Ottawa’s decision to work with the court decision and re-do some of the consultation and environmental assessment rather than undertake a protracted lawsuit bodes well for the pipeline’s eventual completion.

Finance Minister Bill Morneau’s recent announcement to significantly shorten the time for capital cost write-downs immediately helps our beleaguered oil industry.

We will blame Premier Rachel Notley, but her stable hand during this season of crisis has thankfully not exasperated the financial anguish for families.

Previous administrations panicked — focused on the deficit and indiscriminately slashed education, health, social and infrastructure spending. All of which put Alberta in a big hole when the oil industry rebounded.

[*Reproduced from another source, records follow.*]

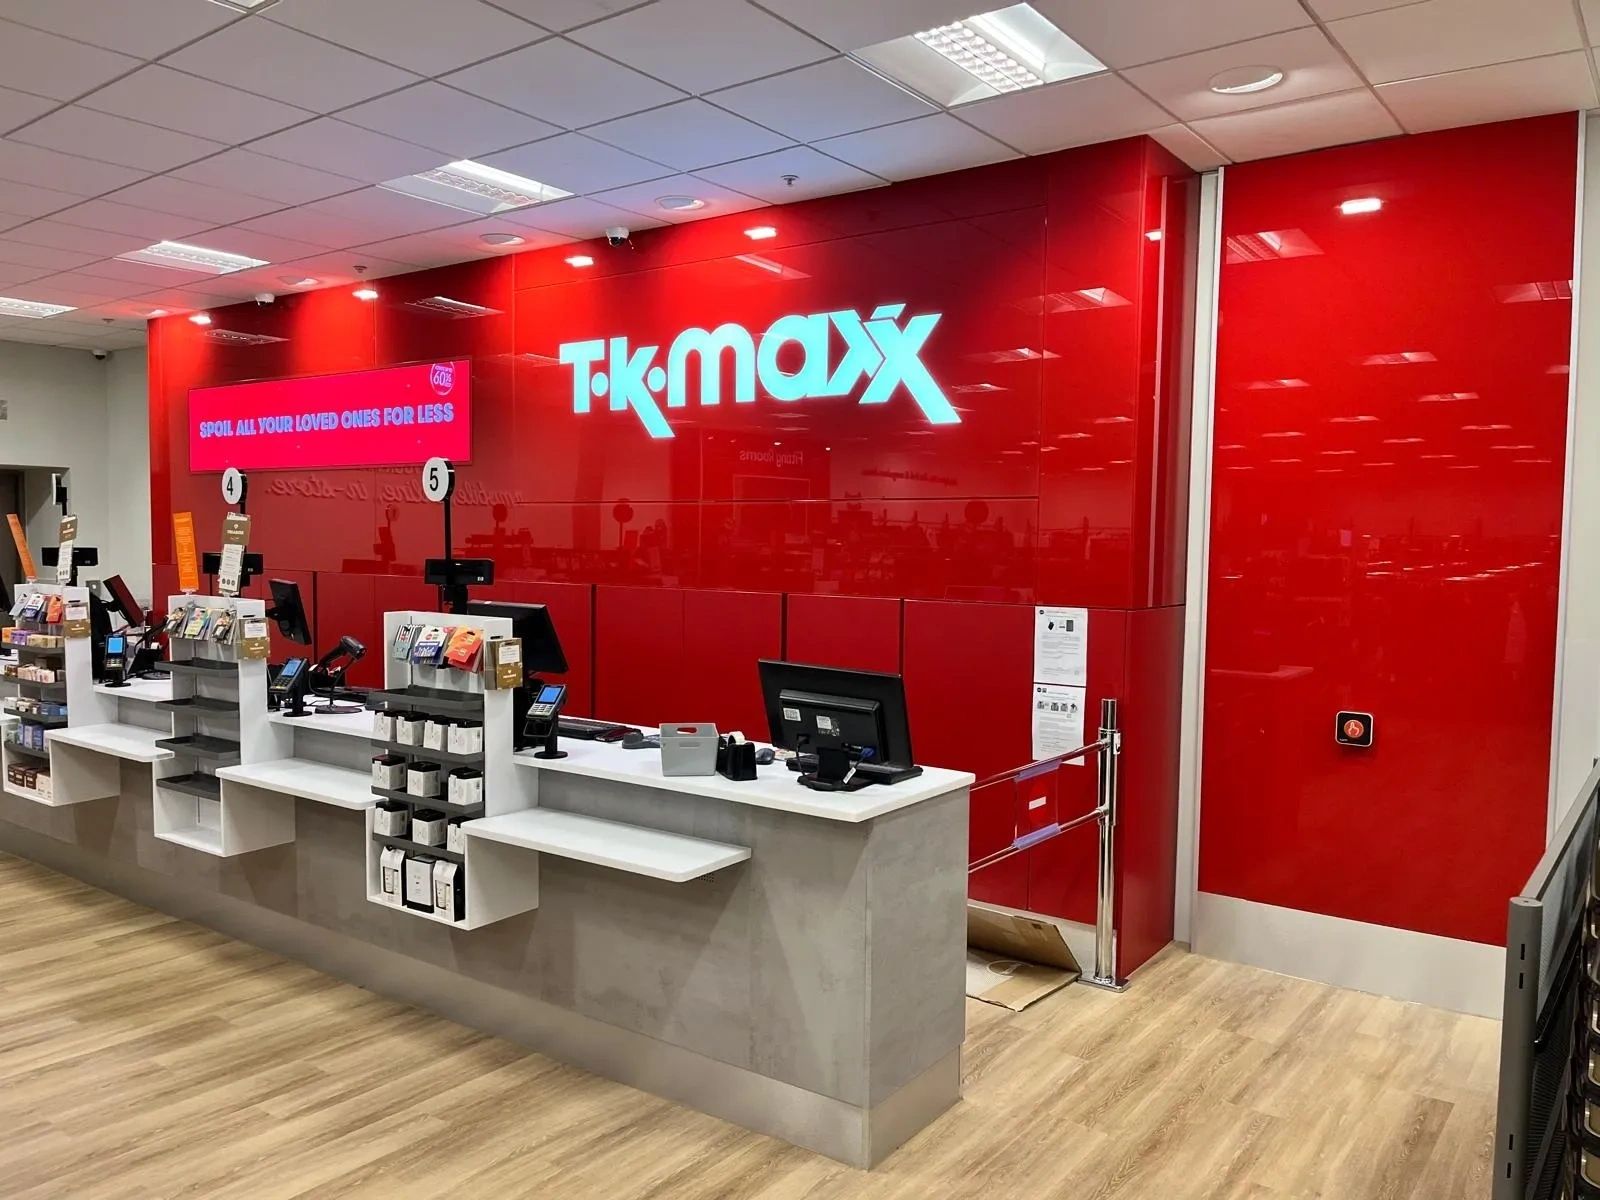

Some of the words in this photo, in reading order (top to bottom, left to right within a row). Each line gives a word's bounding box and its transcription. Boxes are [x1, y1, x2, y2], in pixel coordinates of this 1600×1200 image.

[199, 420, 234, 438] SPOIL
[236, 418, 257, 436] ALL
[258, 415, 294, 435] YOUR
[295, 411, 339, 432] LOVED
[341, 408, 381, 429] ONES
[383, 405, 415, 426] FOR
[417, 402, 454, 424] LESS
[226, 476, 234, 496] 4
[429, 467, 439, 491] 5

Notley and Trudeau are great scapegoats and the anger towards them might make us feel better, but it doesn’t change the facts.

The United States is the reason for much of our oil industry distress. Since the discovery of shale oil, the United States is self-sufficient. Their companies are producing oil at torrid rates, creating worldwide surpluses and low oil prices.

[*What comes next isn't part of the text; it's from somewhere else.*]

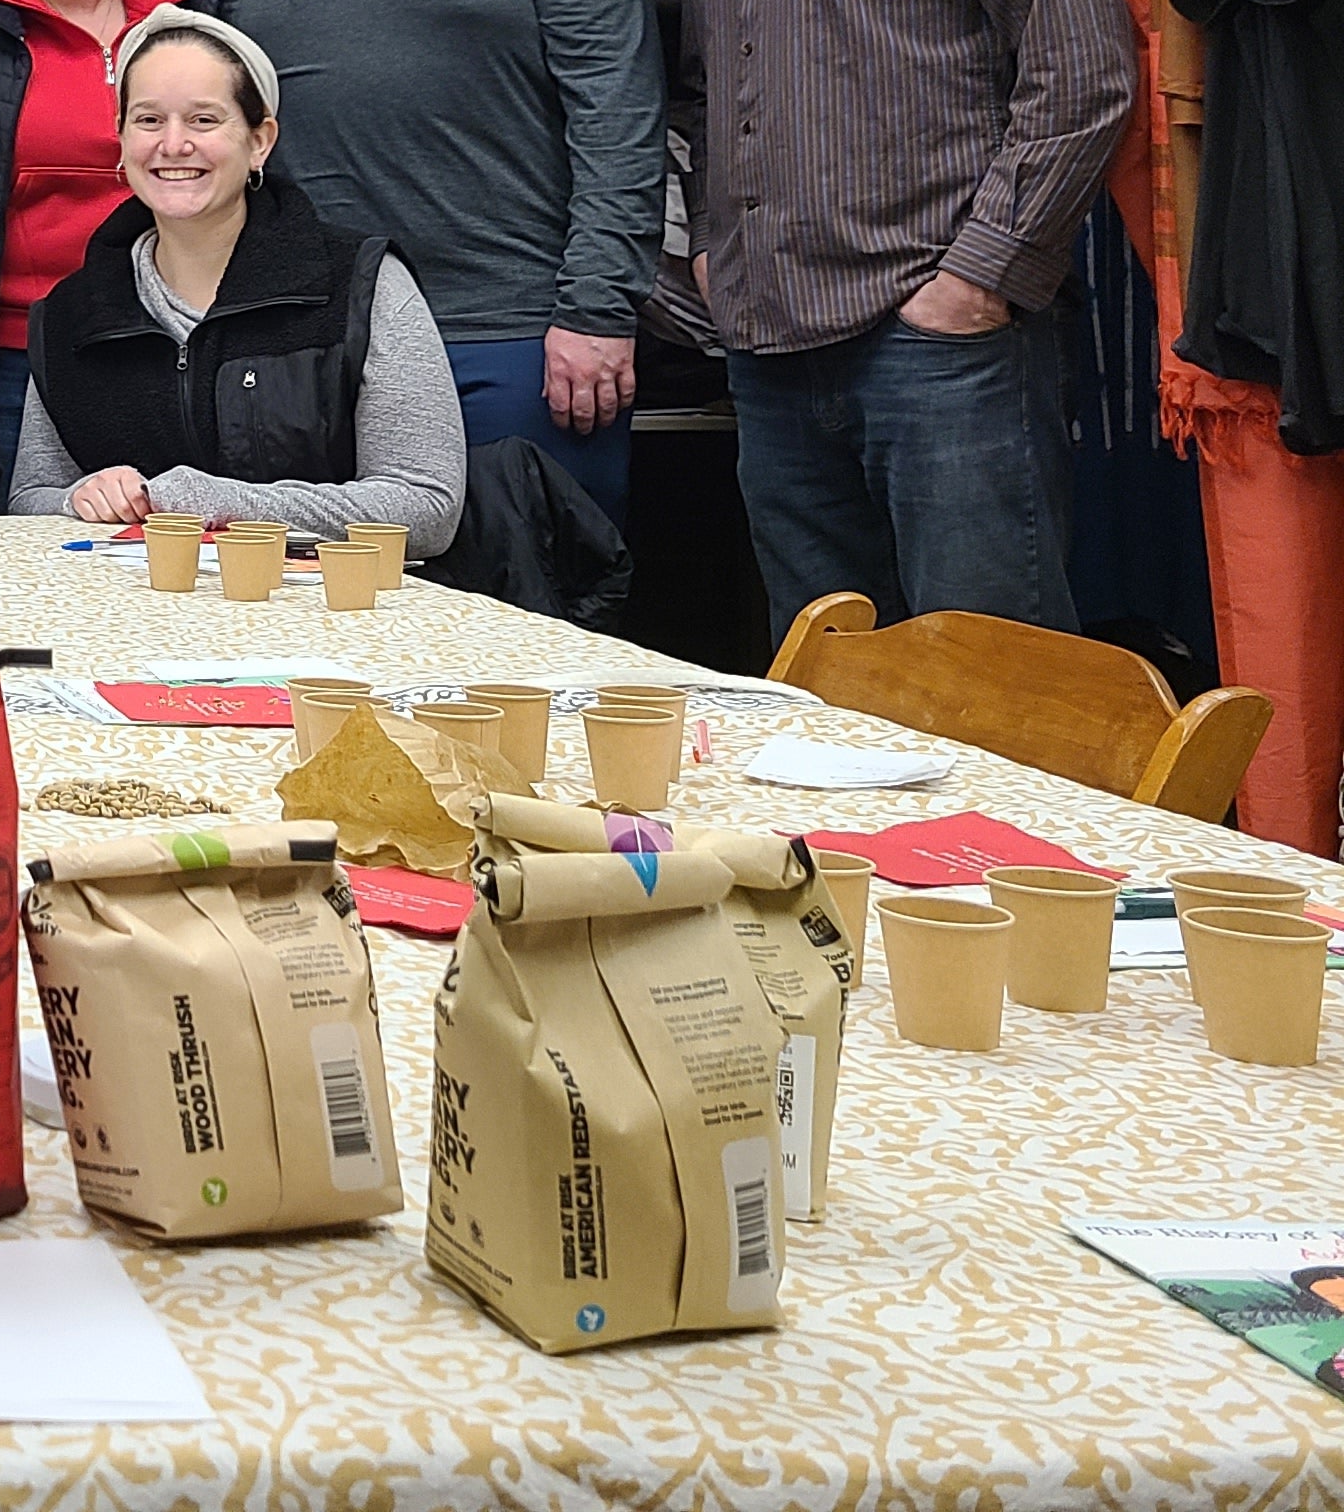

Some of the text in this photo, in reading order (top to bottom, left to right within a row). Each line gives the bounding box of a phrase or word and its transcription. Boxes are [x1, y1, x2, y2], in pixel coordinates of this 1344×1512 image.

[173, 995, 215, 1153] WOOD THRUSH
[544, 1046, 598, 1279] AMERICAN REDSTART
[1085, 1225, 1322, 1243] The History of

Their president’s bent to start trade wars has also had a negative impact on economic growth. Lower growth worldwide equals lower demand for oil and lower prices.

The midterm elections in the US played a part. The two pals, Saudi Arabia and the American leaders, agreed that OPEC would not tighten supply and push up oil prices before the election.

Higher oil prices would have a negative impact on America’s churning economy and potentially hurt the President’s candidates.

Alberta has done some things right. Today we have one refinery for bitumen—the North West Refinery near Fort Saskatchewan.

It was a controversial project under former Premier Ed Stelmach because it came with government loan guarantees, subsidies and huge capital overruns on construction.

Now a wholly-owned subsidiary of Canadian Natural Resources Limited, bitumen refined there earns an extra $23+ margin per barrel for producers than raw product shipped to the United States or China.

It must make Premier Notley’s head spin. If you listen to the recent commercials you’d think Notley and Trudeau were extreme socialists inflicting havoc on Albertans.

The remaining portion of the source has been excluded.